_Work request:_ What is needed is an exact copy of the data below, pictures excluded.

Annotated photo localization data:
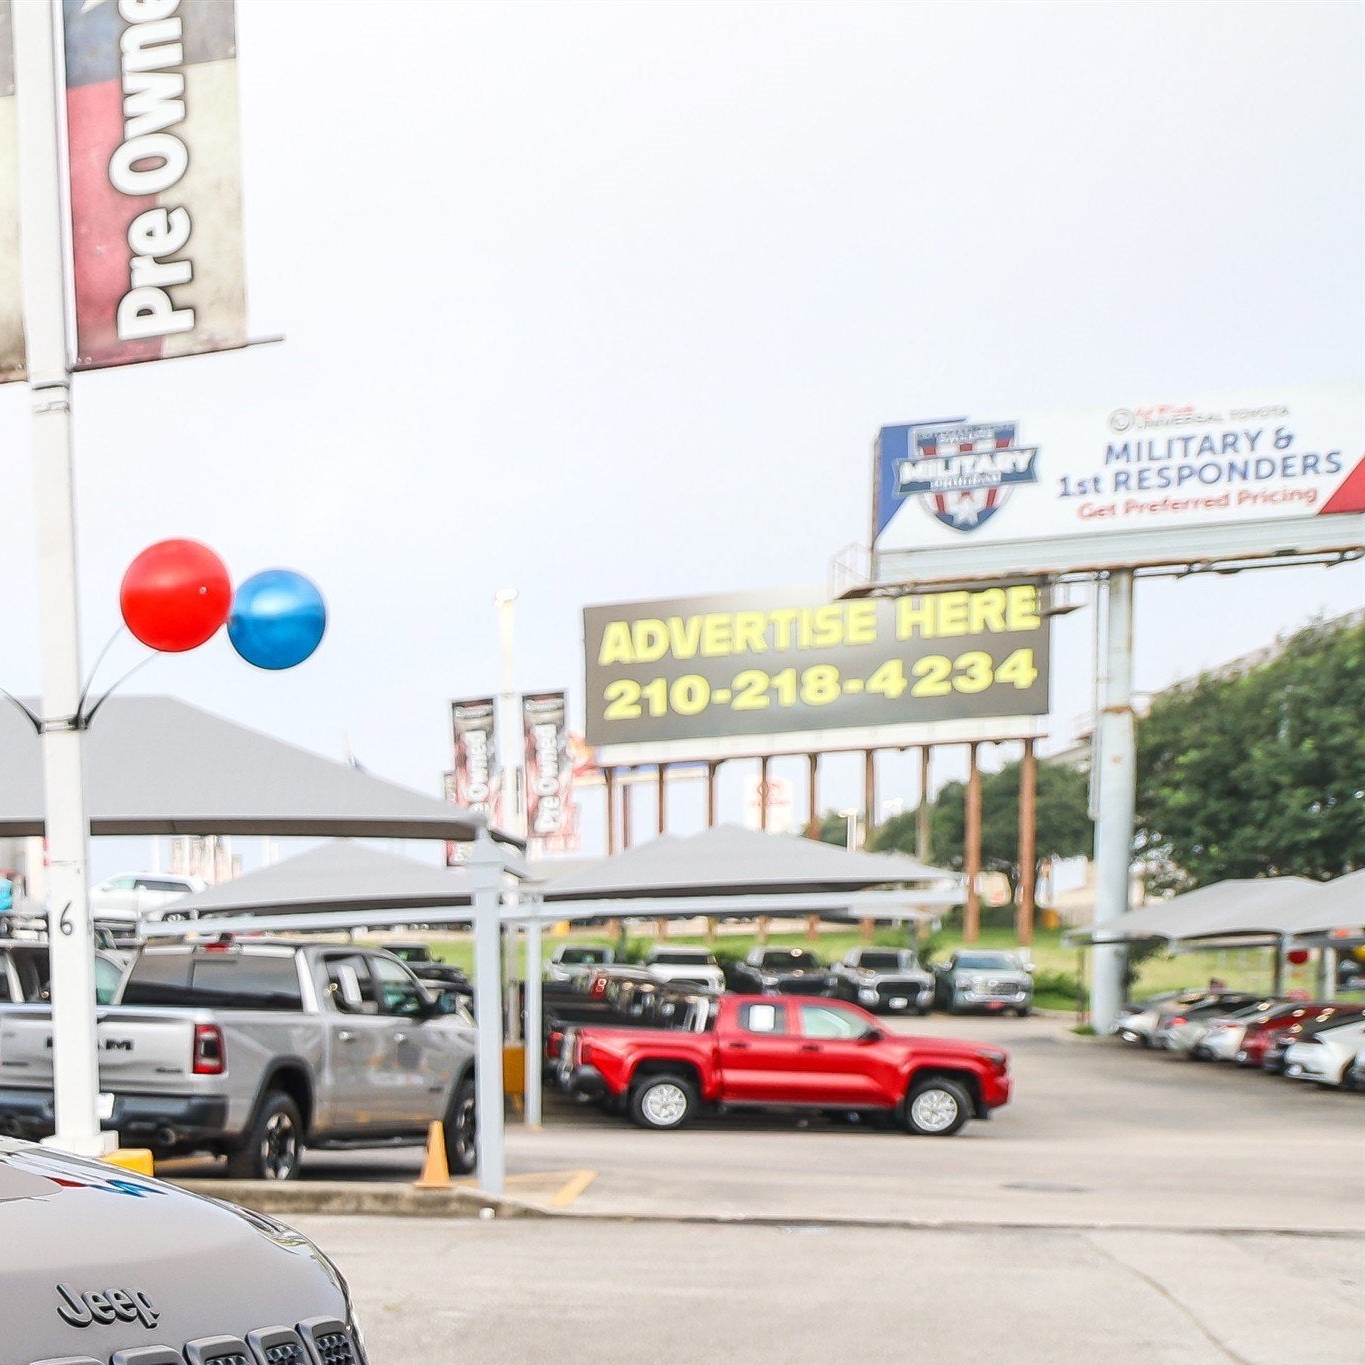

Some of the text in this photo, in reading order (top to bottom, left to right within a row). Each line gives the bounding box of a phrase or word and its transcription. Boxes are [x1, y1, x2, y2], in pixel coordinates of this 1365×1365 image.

[117, 206, 195, 340] Pre
[899, 450, 1036, 484] MILITARY
[1104, 426, 1296, 465] MILITARY &
[1059, 450, 1344, 498] 1st RESPONDERS
[1124, 493, 1229, 515] Preferred
[1238, 487, 1318, 507] Pricing
[598, 585, 1044, 666] ADVERTISE HERE
[603, 647, 1039, 721] 210-218-4234
[59, 900, 73, 936] 6
[56, 1282, 161, 1329] Jeep

_Exercise solution:_
Some of the text in this photo, in reading order (top to bottom, left to right within a row). Each line gives the bounding box of a phrase or word and its transcription. Boxes are [x1, y1, x2, y2], in pixel coordinates of this 1365×1365 image.

[117, 206, 195, 340] Pre
[899, 450, 1036, 484] MILITARY
[1104, 426, 1296, 465] MILITARY &
[1059, 450, 1344, 498] 1st RESPONDERS
[1124, 493, 1229, 515] Preferred
[1238, 487, 1318, 507] Pricing
[598, 585, 1044, 666] ADVERTISE HERE
[603, 647, 1039, 721] 210-218-4234
[59, 900, 73, 936] 6
[56, 1282, 161, 1329] Jeep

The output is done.